What could have been a terrific narrative about how people with special needs deal with societal pressure and conventional ignorance turns into a caricature of science and logic. You’ll see wheelchair-bound Aafia zooming forward on American roads while she could have taken a car or Babita staging a scene to make Bauaa realise his mistakes about love. The problem is that all of this takes place in seriousness—had it been projected as another gag, it would have been understandable, but no, you have to take them seriously, what else a romantic hero is supposed to do!
Himanhsu Sharma, the writer of the hilarious Tanu Weds Manu films, is completely out of form and doesn’t know how to tame the beast that grew bigger within minutes. Zero just keeps getting more inexplicable in the never-ending second half.
Then there is a talk about normal people, how they feel and how incomplete the characters of Zero are. Nobody seems to realise that the whole conflict of Zero was about feeling ‘normal’ and not differentiate on the basis of physical differences. But that’s Zero’s least of the problems.

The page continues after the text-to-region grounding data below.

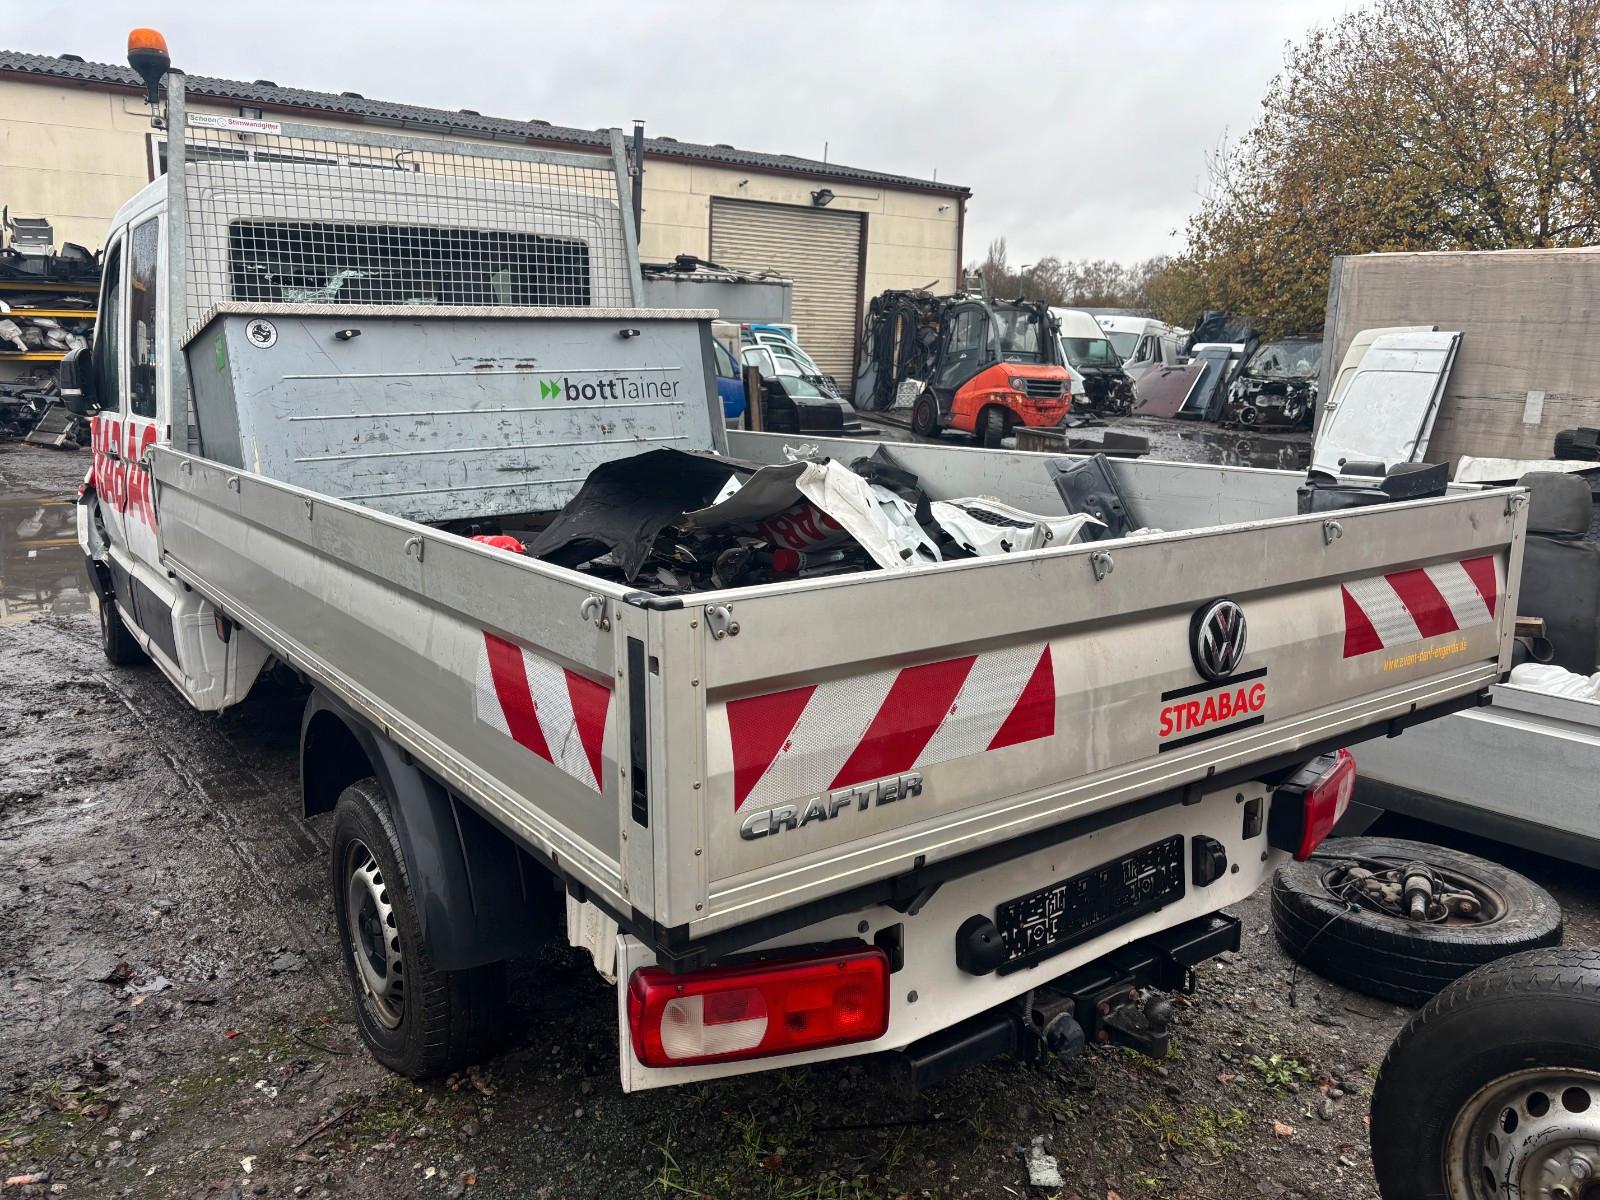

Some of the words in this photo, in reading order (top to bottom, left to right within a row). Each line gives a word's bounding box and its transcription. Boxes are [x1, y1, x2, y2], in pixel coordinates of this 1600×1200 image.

[564, 377, 680, 401] bottTainer
[1159, 682, 1266, 737] STRABAG
[740, 772, 924, 841] CRAFTER
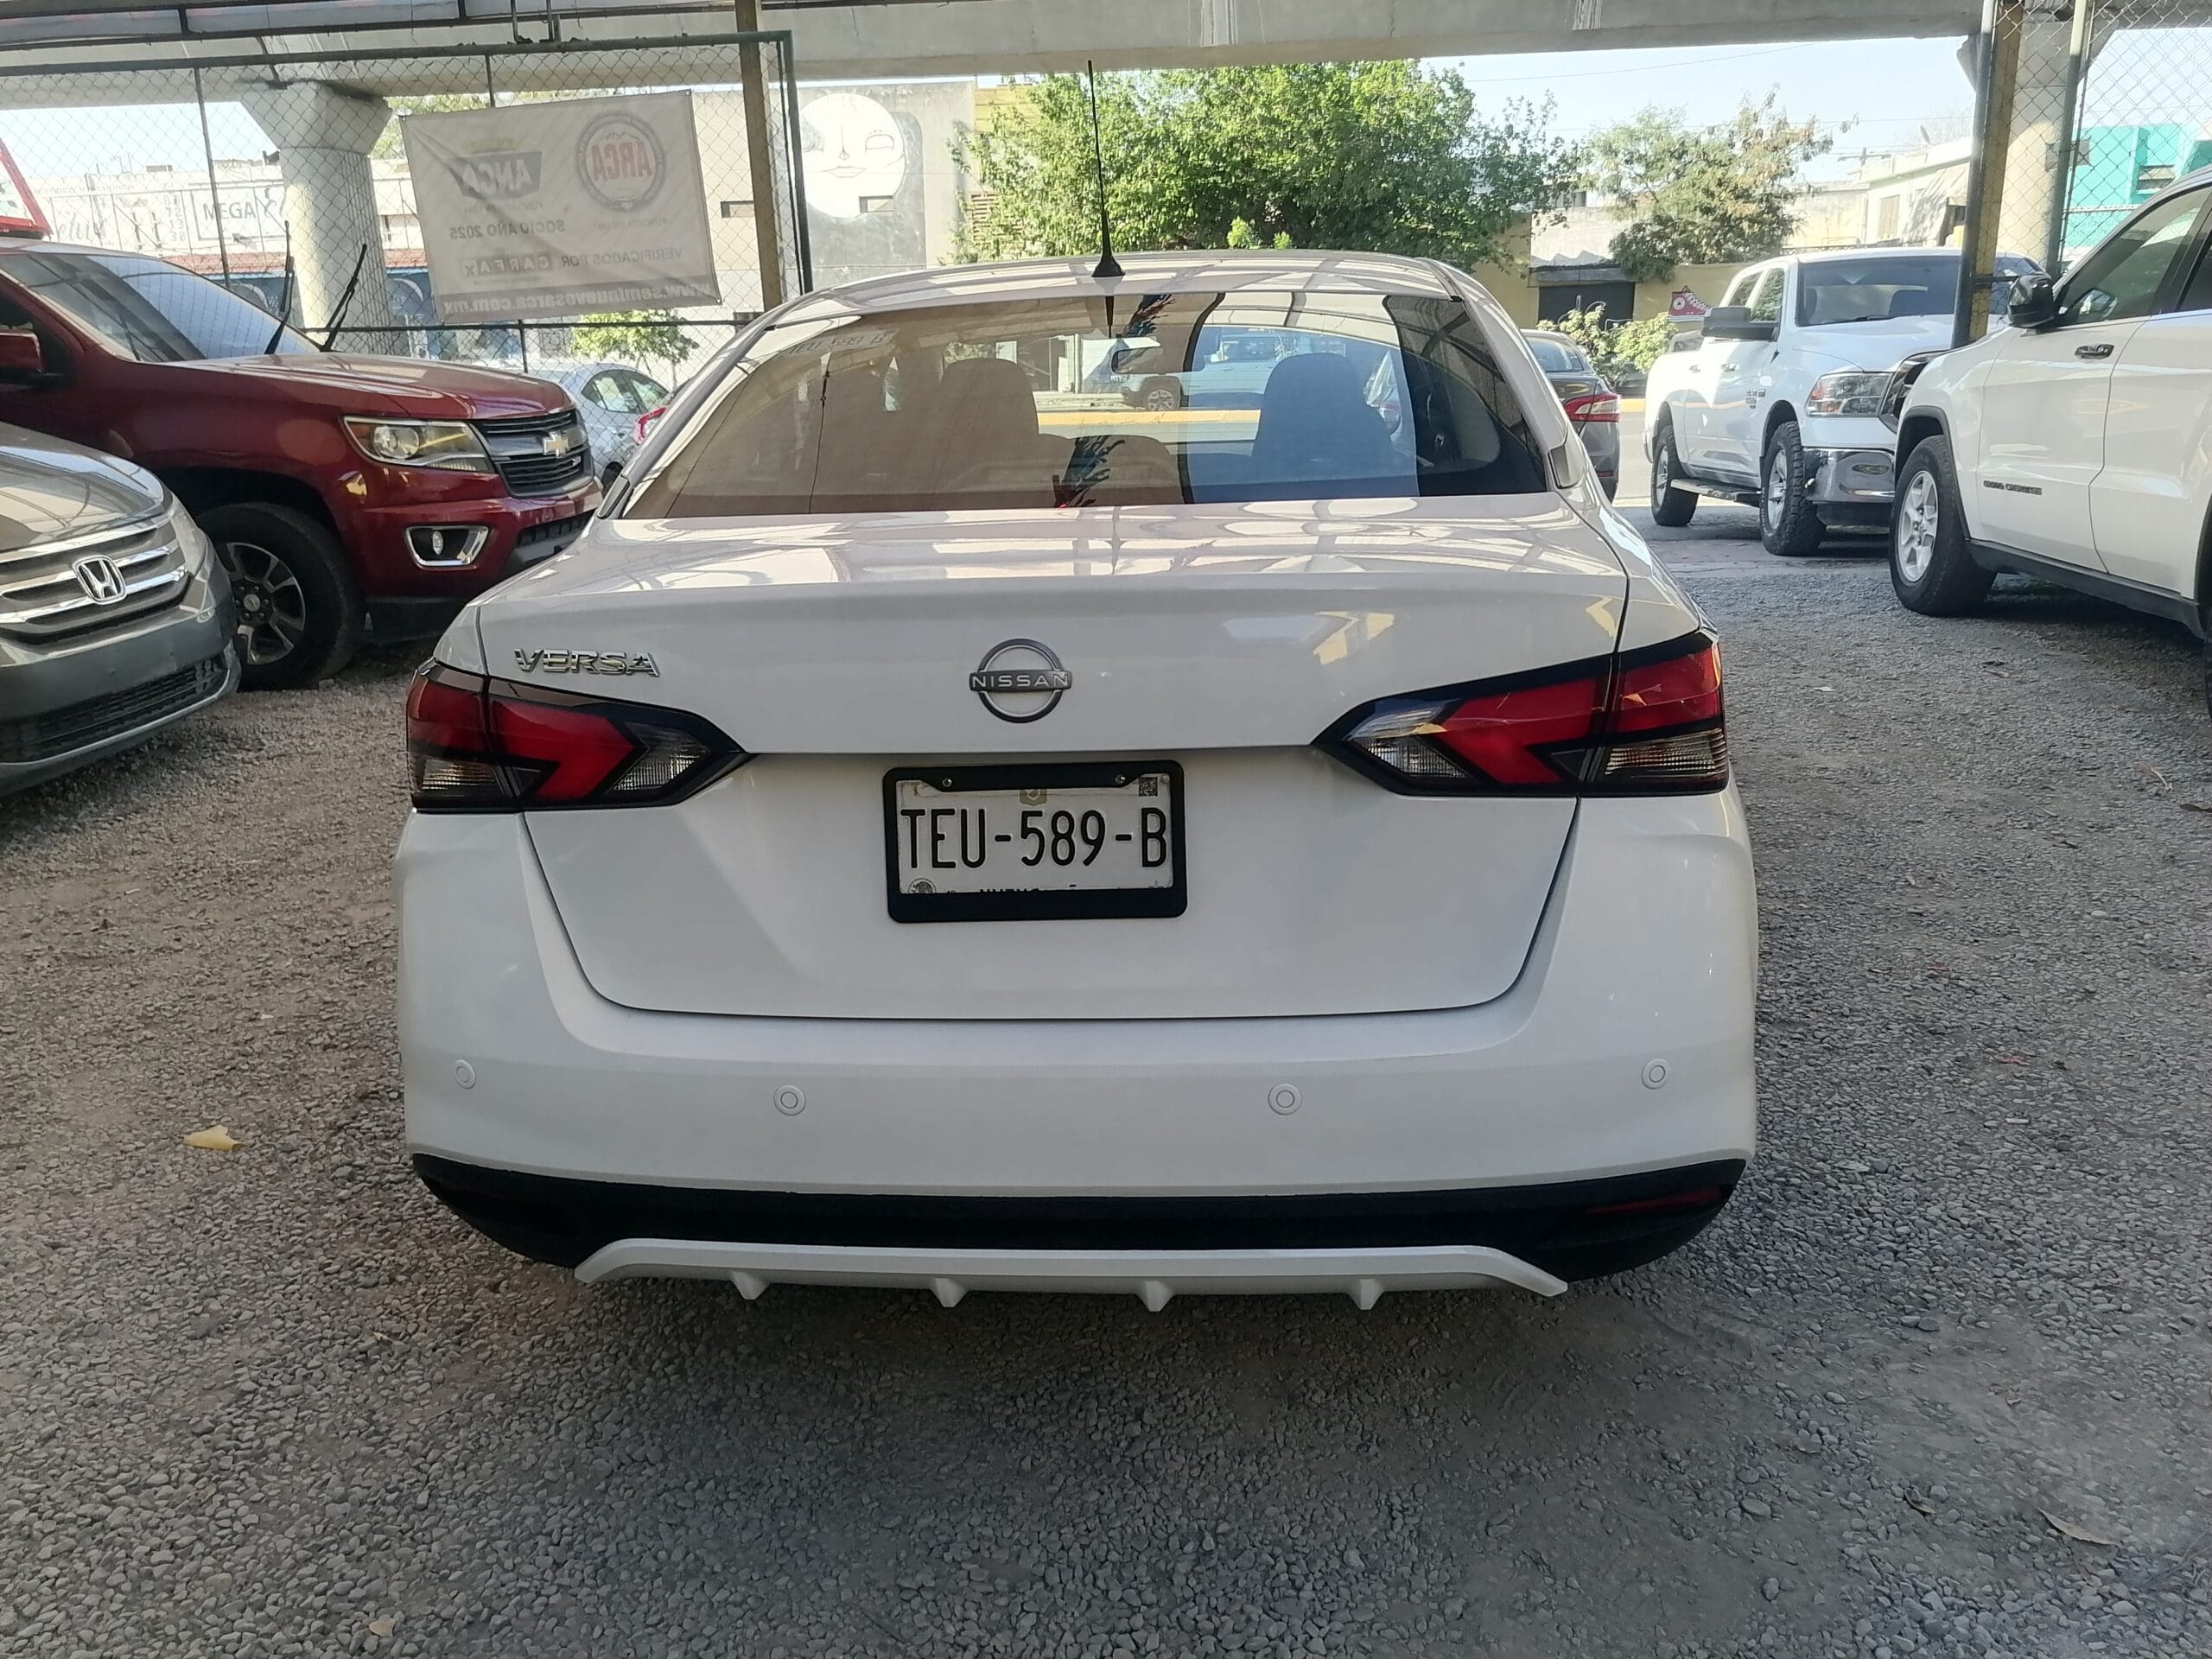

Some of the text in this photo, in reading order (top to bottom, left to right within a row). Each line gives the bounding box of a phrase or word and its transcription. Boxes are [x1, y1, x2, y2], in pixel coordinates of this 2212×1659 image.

[514, 649, 660, 677] VERSA
[972, 674, 1068, 688] NISSAN
[900, 807, 1167, 868] TEU-589-B
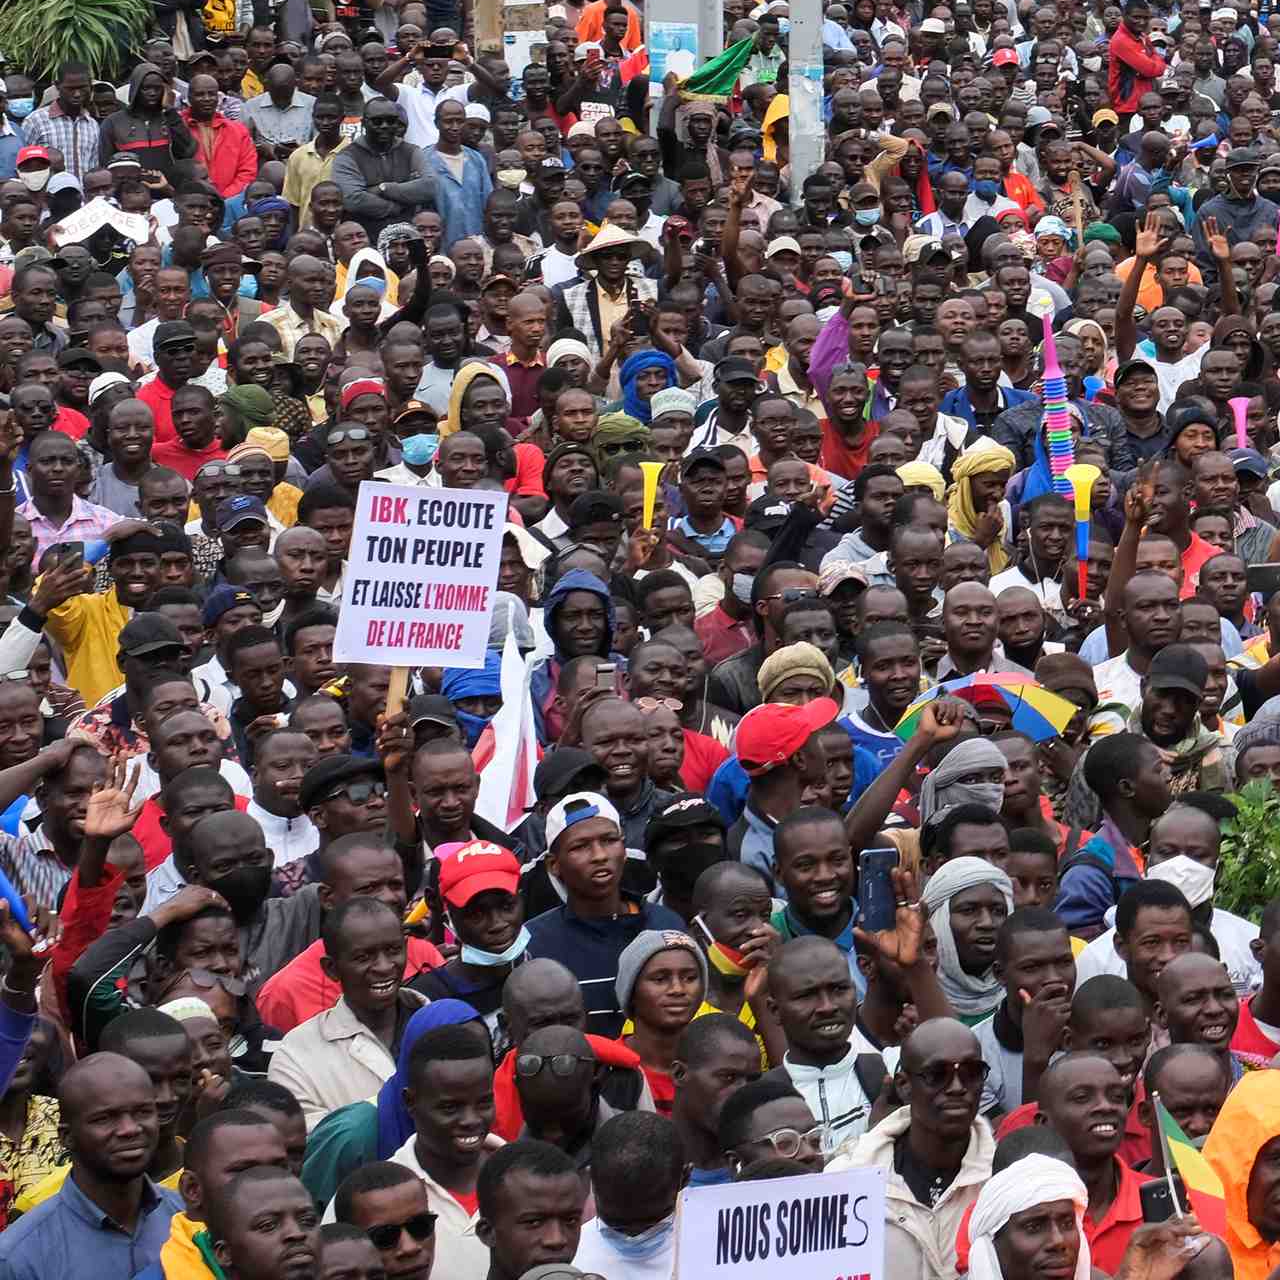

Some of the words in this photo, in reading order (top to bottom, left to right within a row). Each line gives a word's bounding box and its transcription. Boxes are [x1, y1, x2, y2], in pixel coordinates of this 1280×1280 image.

[369, 495, 412, 527] IBK,
[416, 498, 495, 530] ECOUTE
[366, 535, 408, 563] TON
[411, 538, 485, 568] PEUPLE
[351, 579, 370, 606] ET
[371, 580, 423, 608] LAISSE
[423, 583, 489, 612] L'HOMME
[366, 620, 386, 647] DE
[387, 621, 405, 647] LA
[407, 622, 464, 650] FRANCE
[716, 1202, 771, 1265] NOUS
[775, 1193, 869, 1258] SOMMES

Things escalate real quick—actually that’s the hallmark of Zero. Anything can happen anytime. In one moment, you’ll see a crowd of Bollywood actresses, including Deepika Padukone, Alia Bhatt and Sridevi, making fun of Bauaa at a party, and in the other, Salman Khan dancing with him on the stage. These 20 minutes kept especially aside for an Om Shanti Om style Bollywood parade, has no contribution whatsoever in the film. It’s probably an afterthought to add more luster. By then, the audience already gives up on any new development.
Out of the 165-minutes duration, Shah Rukh uses a major chunk in walking with only ‘kachcha-baniyan’ on, and it can happen abruptly. He wouldn’t mind if it’s a NASA party or a private party, he would simply throw his clothes away while everybody else is dressed up. What do I say? To each his own.
Zero is a fantasy ride that ends up nowhere. From writing to direction and editing, everything has failed the project. If given a chance between Jab Harry Met Sejal and Zero, I would probably go for the former. Yes, it’s that uninspiring.
But you know what? The best was saved for the last. Anushka Sharma says, “Tu bhaaga nahi Bauee (You didn’t run away Bauaa)?” All I can do now is to blame it on occupational hazard, and you thought watching a Shah Rukh Khan film is always fun.